What if family members are in different locations when a disaster hits?
This is exactly what the out-of-area contact and meeting points address. Each person knows: (1) contact the out-of-area person first to report status, (2) go to the designated meeting point if direct contact is impossible, (3) know which meeting point: local, neighbourhood, or regional: is appropriate for the severity of the situation. Practice the protocol verbally with family members so it’s automatic rather than requiring real-time decision-making under stress.
Does my emergency plan need to cover every possible scenario?

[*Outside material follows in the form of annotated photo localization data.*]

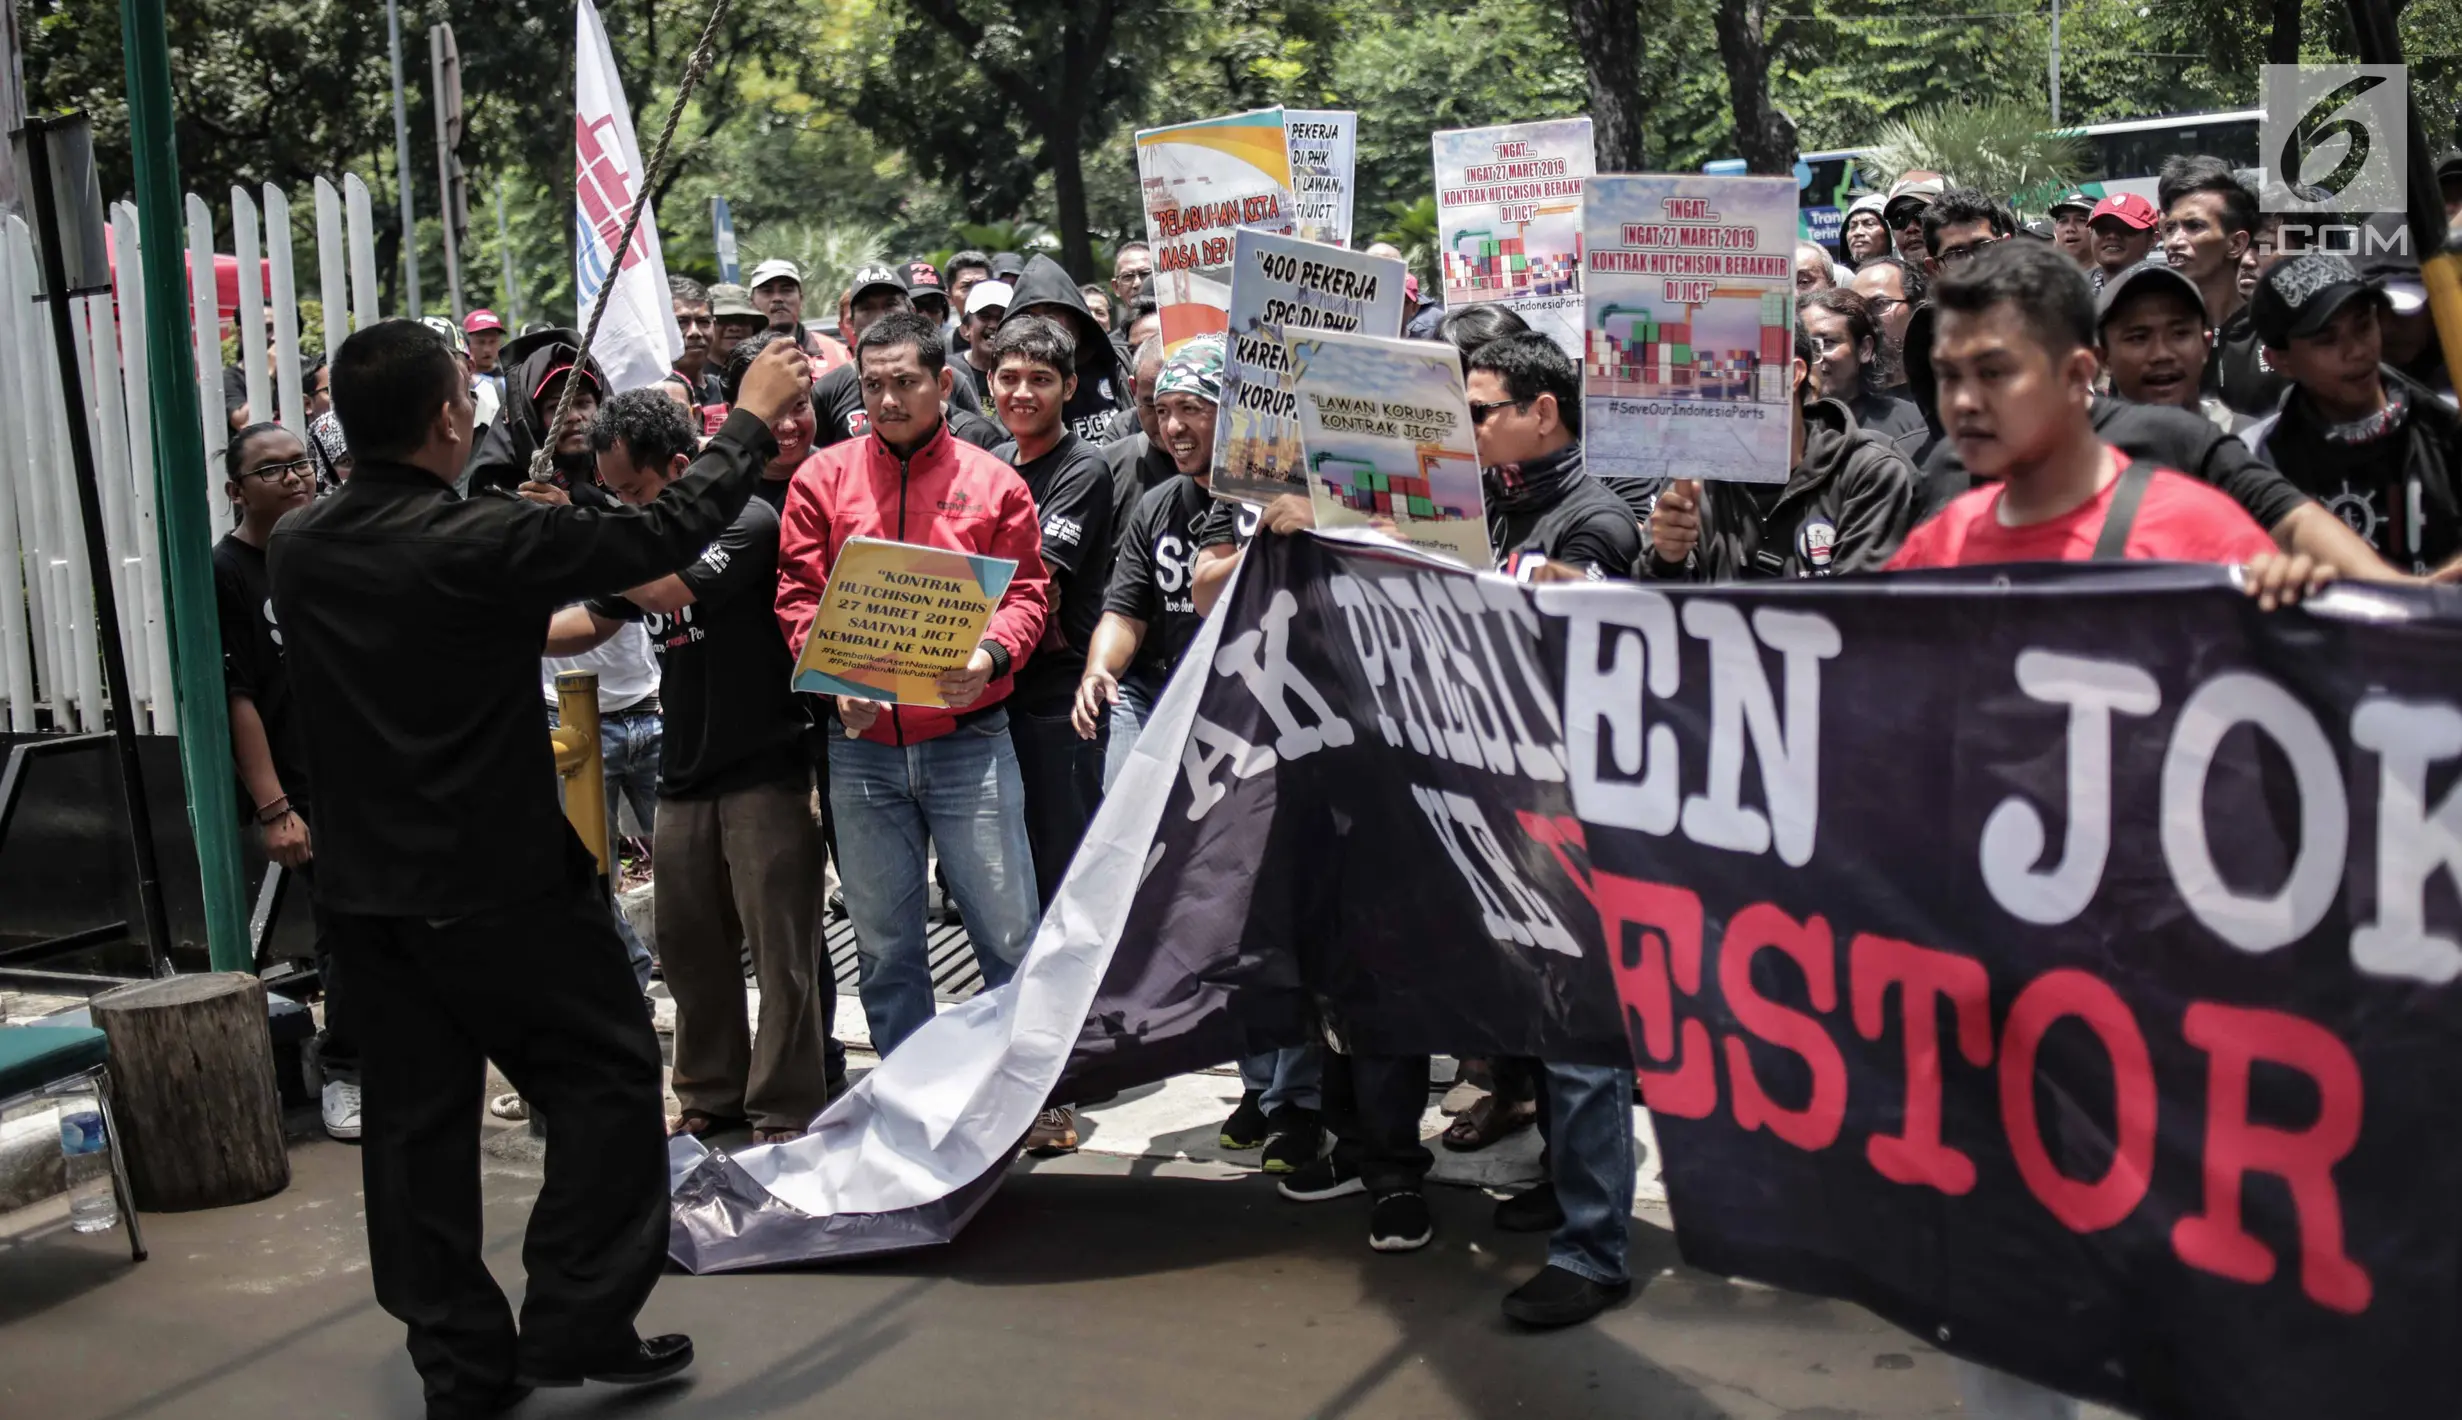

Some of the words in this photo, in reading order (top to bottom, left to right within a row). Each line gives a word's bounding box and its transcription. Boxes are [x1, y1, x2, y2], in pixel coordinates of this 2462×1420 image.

[1292, 123, 1339, 140] PEKERJA
[1293, 150, 1304, 165] DI
[1307, 150, 1329, 166] PHK
[1466, 167, 1495, 183] INGAT
[1495, 165, 1506, 180] 27
[1508, 162, 1539, 179] MARET
[1541, 160, 1565, 176] 2019
[1303, 177, 1340, 193] LAWAN
[1444, 187, 1487, 205] KONTRAK
[1488, 182, 1542, 202] HUTCHISON
[1153, 199, 1240, 237] "PELABUHAN
[1243, 194, 1280, 224] KITA
[1501, 207, 1512, 222] DI
[1624, 225, 1659, 245] INGAT
[1662, 226, 1676, 246] 27
[1680, 227, 1720, 247] MARET
[1724, 228, 1755, 248] 2019
[1159, 243, 1200, 272] MASA
[1591, 251, 1648, 272] KONTRAK
[1651, 253, 1721, 274] HUTCHISON
[1725, 255, 1787, 276] BERAKHIR
[1256, 250, 1297, 283] "400
[1300, 260, 1377, 302] PEKERJA
[1666, 281, 1679, 299] DI
[1263, 298, 1297, 325] SPC
[1300, 306, 1319, 328] DI
[1238, 381, 1298, 421] KORUP
[1609, 401, 1765, 420] #SaveOurIndonesiaPorts
[1320, 412, 1397, 436] KONTRAK
[1382, 401, 1457, 426] KORUPSI
[878, 568, 964, 594] "KONTRAK
[838, 580, 934, 607] HUTCHISON
[937, 594, 988, 614] HABIS
[837, 598, 861, 611] 27
[865, 602, 918, 621] MARET
[818, 628, 888, 650] KEMBALI
[893, 641, 915, 654] KE
[848, 617, 917, 638] SAATNYA
[920, 629, 956, 642] JICT
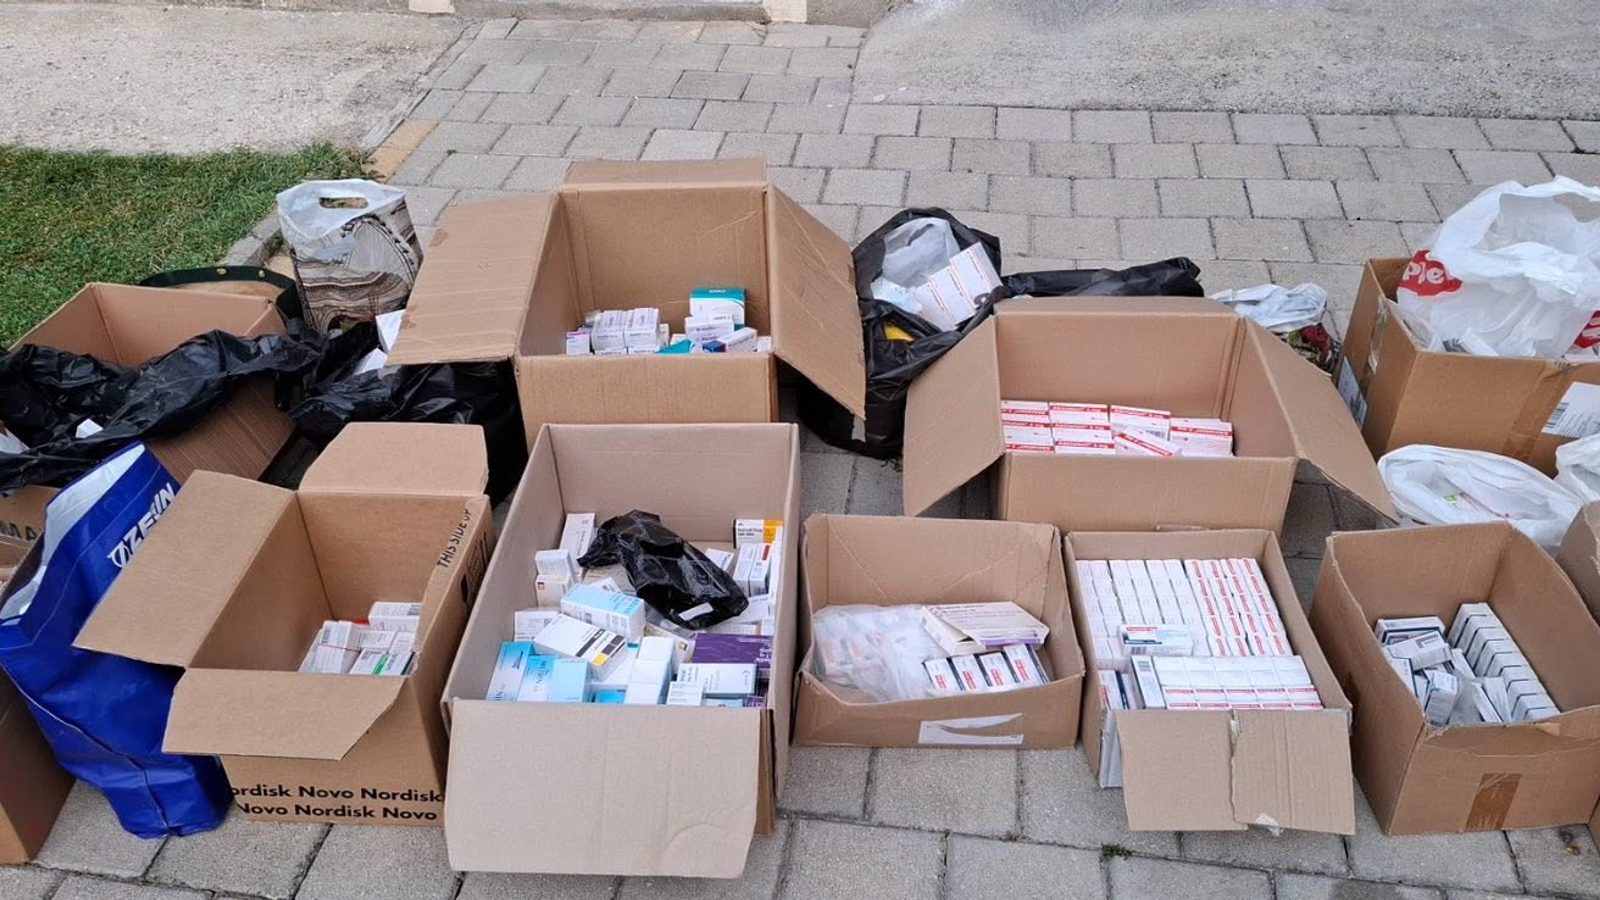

No: and trying to cover everything makes your plan too complex to execute under stress. Focus on the universal elements: communication, meeting points, evacuation routes, go-bag locations, and roles. These elements apply across virtually all emergency scenarios. Scenario-specific details (what to do in a tornado vs. a chemical spill) can be supplemental knowledge; the core plan should be simple enough to execute under stress, in the dark, in 2 minutes if necessary.
Create Your Family Emergency Plan Tonight
Print the template above, sit down with your family for 30 minutes, and fill it in. Post one copy on the refrigerator or inside a cabinet door. Text the out-of-area contact to let them know they’ve been designated. Done. You’ve just done something that fewer than 35% of American families have done.